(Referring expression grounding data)
"""
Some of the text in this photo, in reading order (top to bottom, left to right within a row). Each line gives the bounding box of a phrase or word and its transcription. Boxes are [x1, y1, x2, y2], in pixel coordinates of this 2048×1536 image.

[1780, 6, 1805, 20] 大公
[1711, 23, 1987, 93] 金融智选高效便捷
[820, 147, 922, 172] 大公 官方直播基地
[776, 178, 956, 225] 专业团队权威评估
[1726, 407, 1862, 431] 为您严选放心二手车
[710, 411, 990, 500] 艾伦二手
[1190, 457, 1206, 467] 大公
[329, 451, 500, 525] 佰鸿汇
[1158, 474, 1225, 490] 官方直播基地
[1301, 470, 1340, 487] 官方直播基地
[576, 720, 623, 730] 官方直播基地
"""
| Instructions for the task |
Copy each line of the records verbatim.

| Answer section |
Some of the text in this photo, in reading order (top to bottom, left to right within a row). Each line gives the bounding box of a phrase or word and its transcription. Boxes are [x1, y1, x2, y2], in pixel coordinates of this 2048×1536 image.

[1780, 6, 1805, 20] 大公
[1711, 23, 1987, 93] 金融智选高效便捷
[820, 147, 922, 172] 大公 官方直播基地
[776, 178, 956, 225] 专业团队权威评估
[1726, 407, 1862, 431] 为您严选放心二手车
[710, 411, 990, 500] 艾伦二手
[1190, 457, 1206, 467] 大公
[329, 451, 500, 525] 佰鸿汇
[1158, 474, 1225, 490] 官方直播基地
[1301, 470, 1340, 487] 官方直播基地
[576, 720, 623, 730] 官方直播基地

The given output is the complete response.